One of the prospects who will likely not be among those heavily pursued by the Sooners going forward is Broken Arrow star running back Devon Thomas, currently an Oklahoma State pledge. The top-10 national running back prospect committed to Oklahoma back in November of 2012, but lasted less than a month before decommitting and tentatively deciding to head to Stillwater for college, though his recruitment is probably far from over.

Thomas isn't the only significant prospect on the Broken Arrow roster, however -- it also features four-star outside linebacker Gyasi Akem, who holds an Oklahoma offer to go along with invitations to play at Arkansas State, Clemson, Missouri, and Oklahoma State, and quarterback Coleman Key, a pro-style quarterback who is not yet rated by the services, but does hold an Arkansas State offer.

The bigger target at quarterback is Edmond Santa Fe's Justice Hansen, a consensus four-star prospect considered one of the top-10 pro-style quarterbacks in the country. He holds offers from Oklahoma, Arizona State, Arkansas, Missouri, and Texas A&M and has already had the opportunity to visit most of those schools. Though he's listed as a pro-style quarterback, Hansen also has plenty of athleticism to go along with his arm talent, having gained 773 yards rushing as a junior to go along with his 2,713 yards passing, 34 touchdowns, and only six interceptions.

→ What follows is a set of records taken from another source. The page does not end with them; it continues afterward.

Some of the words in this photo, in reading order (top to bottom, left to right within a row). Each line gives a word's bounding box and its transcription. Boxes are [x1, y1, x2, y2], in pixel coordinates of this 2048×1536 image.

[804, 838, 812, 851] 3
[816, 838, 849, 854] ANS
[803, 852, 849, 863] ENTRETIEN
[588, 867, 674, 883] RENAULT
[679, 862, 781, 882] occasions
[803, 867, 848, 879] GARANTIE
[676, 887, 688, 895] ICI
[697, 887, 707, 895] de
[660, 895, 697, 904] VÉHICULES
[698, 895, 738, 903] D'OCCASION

Hansen just received his offer at the recent Oklahoma Junior Day and doesn't plan on ending the process immediately, but he did grow up a fan of the Sooners, the only school listed as "warm" on his 247Sports profile page.

Another top local target who didn't have to travel far for that Junior Day in early February is Oklahoma City Douglass defensive end Deondre Clark, an absolute beast off the edge who racked up 99 tackles, 30 tackles for loss, and 22 sacks as a junior. He recently added an offer from USC to a list that includes Clemson, LSU, Missouri, Notre Dame, and strong interest from Texas that could result in an offer if he visits. The consensus four-star prospect ranked as the no. 6 strongside defensive end in the 247Sports composite will be one of the top overall targets for the Sooners in the 2014 class.

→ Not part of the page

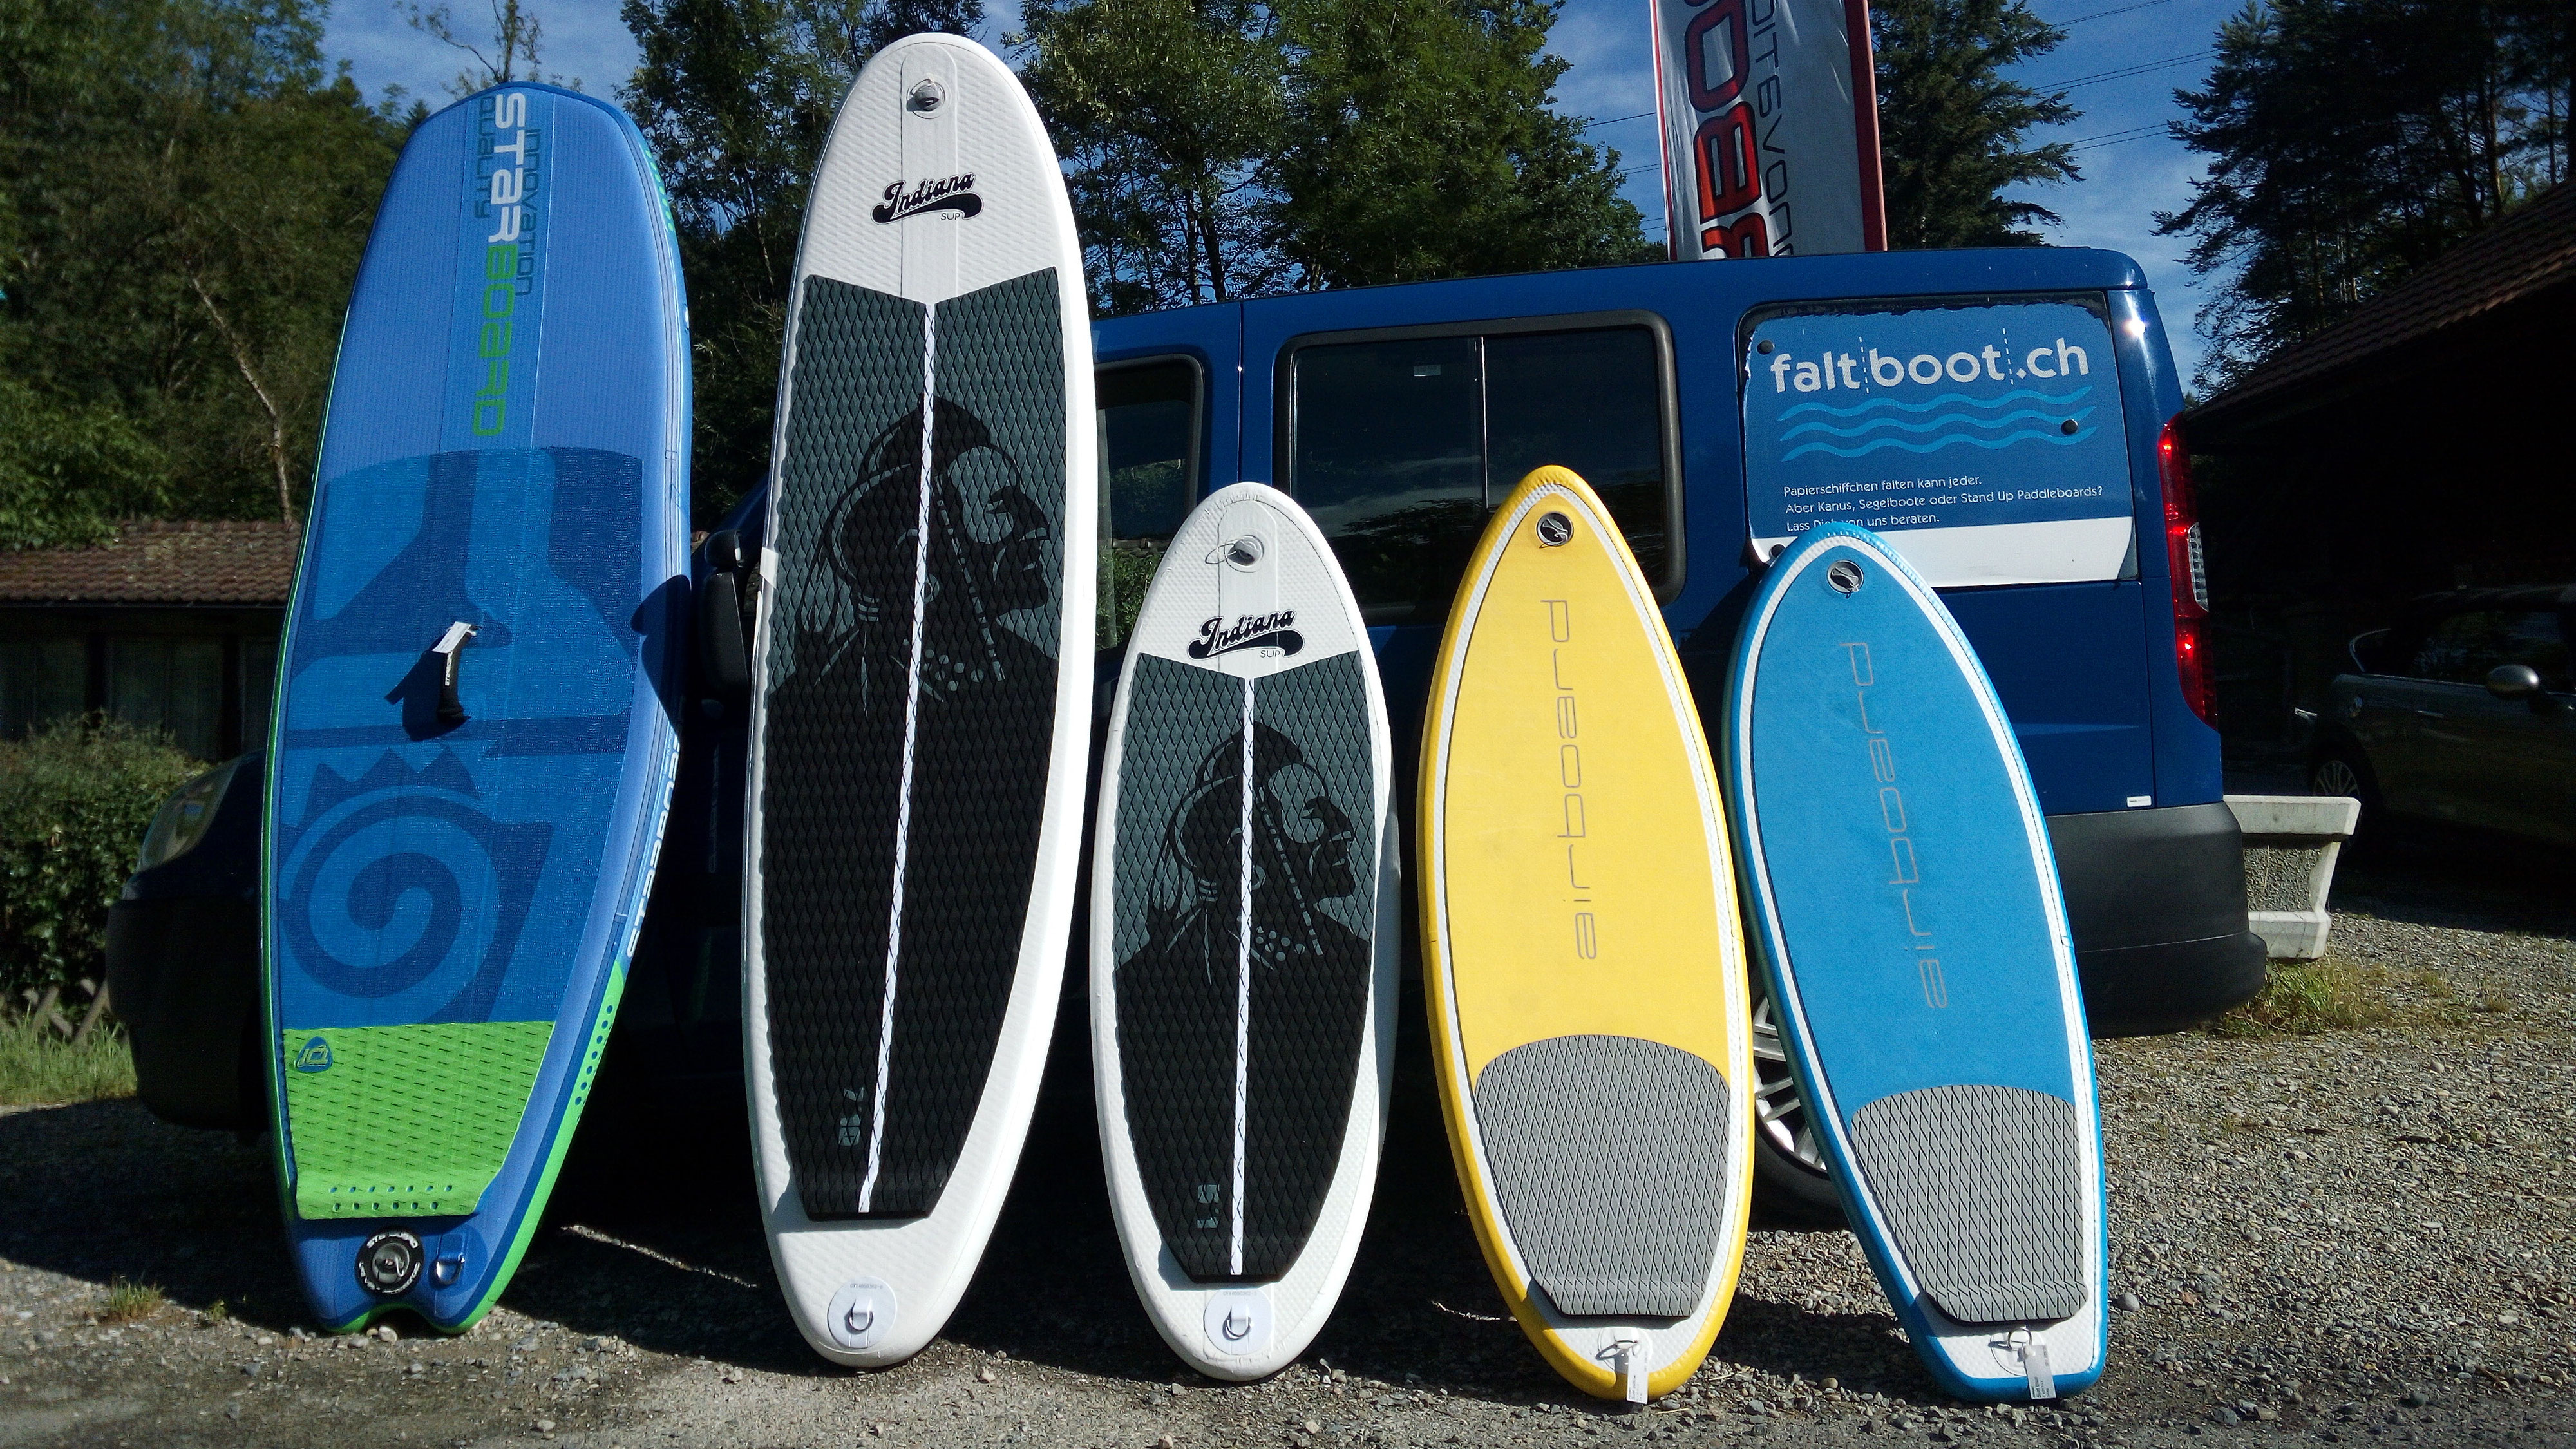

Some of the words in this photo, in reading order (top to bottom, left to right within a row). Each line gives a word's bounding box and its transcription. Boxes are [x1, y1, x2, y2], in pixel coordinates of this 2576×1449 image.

Then there is Jenks safety Steven Parker, who already holds an offer from Alabama, in addition to Oklahoma and Oklahoma State. The 6-2, 190-pound safety was the SoonerScoop.com Junior Player of the Year in the state and is considered the top prospect by the Oklahoma Rivals site.

To a large extent, then, the success of the 2014 Oklahoma recruiting class may be much more about getting as many of the top prospects in the state at home as possible, and then continuing to make a push to re-establish a foothold in Texas, which the coaches will have a chance to do with the summer satellite camps they are now holding in the state.

Obviously, the Sooners have gotten off to a solid start in that regard having landed two Texas prospects already.

Defensive coordinator Mike Stoops added his own voice to the equation by saying that Oklahoma now wants to focus on a "three- or four-hour radius" of Norman to mitigate concerns about straying far from home and family, a factor that could well have impacted all of those 2013 misses.

And a factor that should play in Oklahoma's favor in 2014.